Underlying basic earnings per share

Excludes specific adjusting items and the tax attributable to those items.

Underlying cash tax rate

Based on underlying cash tax and underlying profit before tax.

Underlying depreciation and amortisation

Excludes specific adjusting items.

Underlying EBITDA

Based on underlying operating profit, adding back underlying depreciation and amortisation.

Underlying effective tax rate

Based on underlying tax charge and underlying profit before tax.

Underlying free cash flow

Free cash flow adjusted for cash restructuring costs in the year relating to the 2012 and 2013 European exceptional programme.
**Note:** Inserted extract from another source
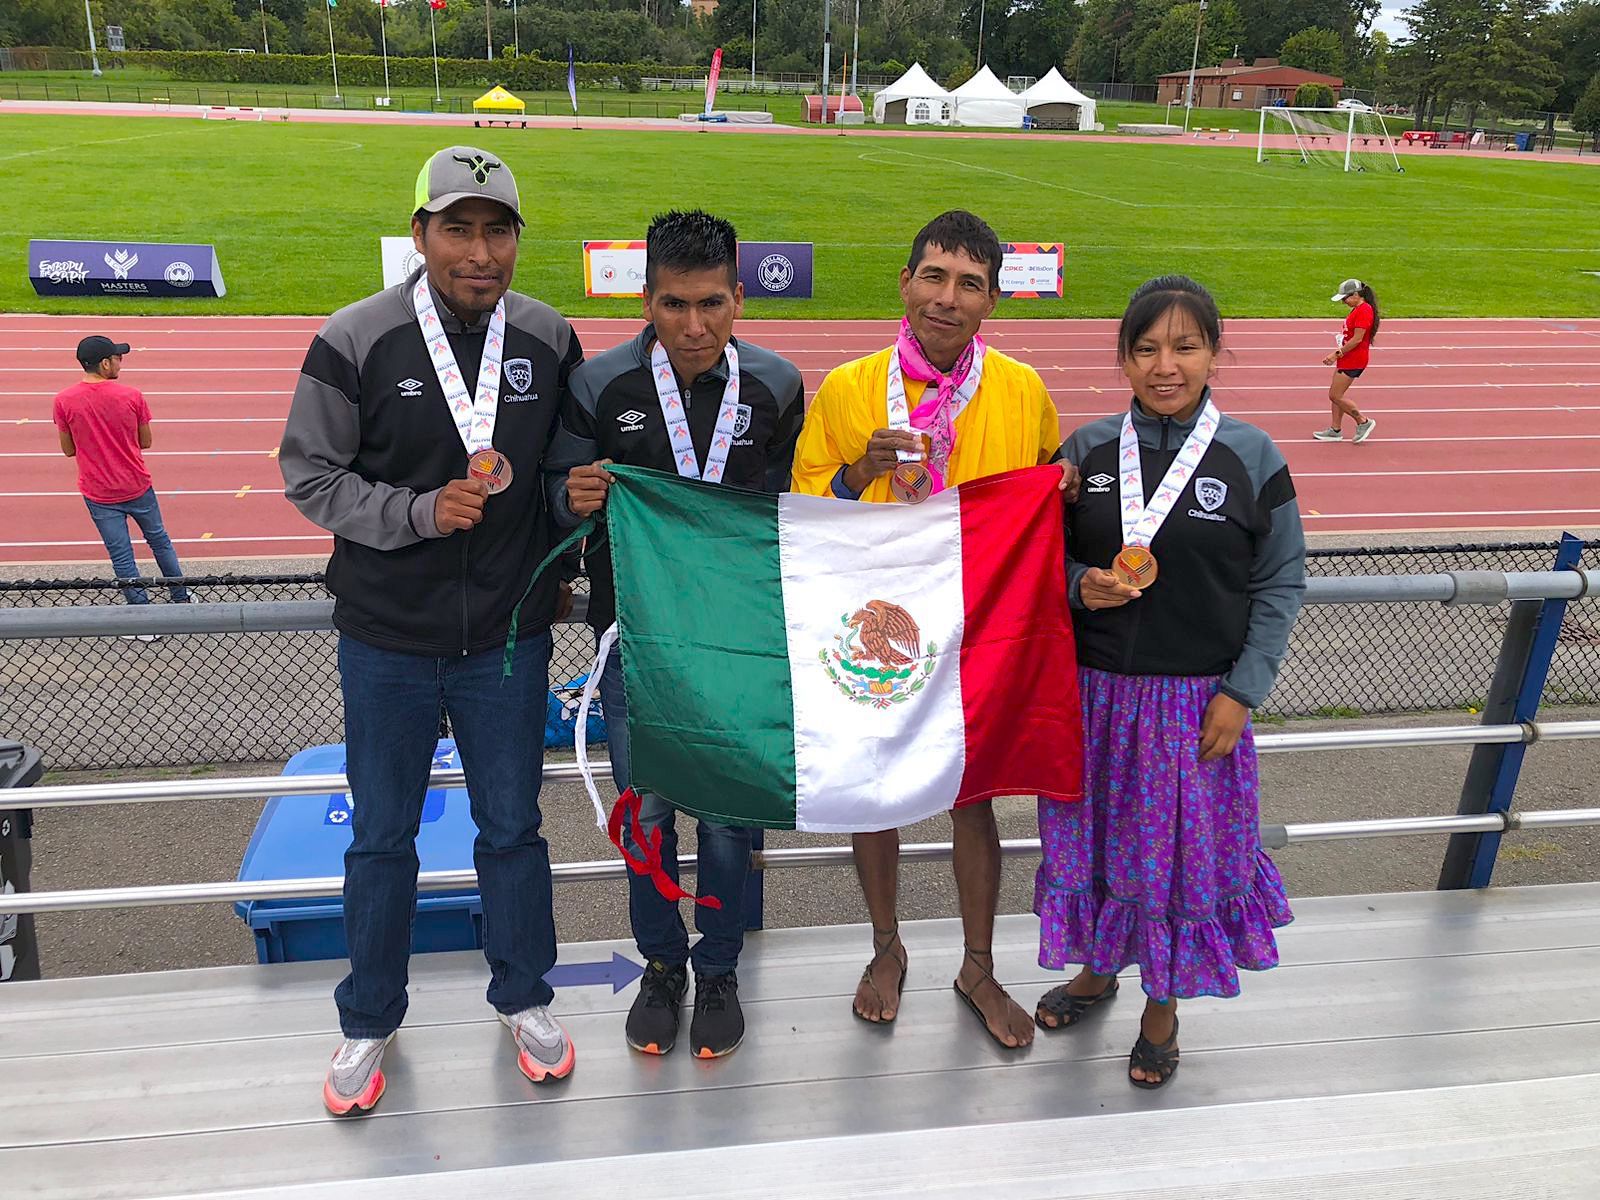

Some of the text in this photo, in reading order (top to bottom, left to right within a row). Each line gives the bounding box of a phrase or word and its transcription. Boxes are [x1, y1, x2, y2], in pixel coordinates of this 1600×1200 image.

Underlying net finance cost

Excludes specific adjusting items.

 

Glossary of terms (continued)

 

 

Underlying operating margin - Group

Based on underlying revenue and underlying operating profit excluding share of profit after tax of associates.

Underlying operating margin - Region

Based on underlying revenue and underlying operating profit excluding share of profit after tax of associates and EM & OR restructuring.

Underlying operating profit - Group

Includes share of profit after tax of associates and profit before tax of equity accounted joint ventures but excludes the specific adjusting items.

Underlying operating profit - Region

Includes share of profit before tax of equity accounted joint ventures but excludes the specific adjusting items profit after tax of associates and EM & OR restructuring.

Underlying profit before tax

Excludes specific adjusting items.

Underlying revenue

The combined sales of Group and share of equity accounted joint ventures.

Underlying tax charge

Excludes tax attributable to specific adjusting items.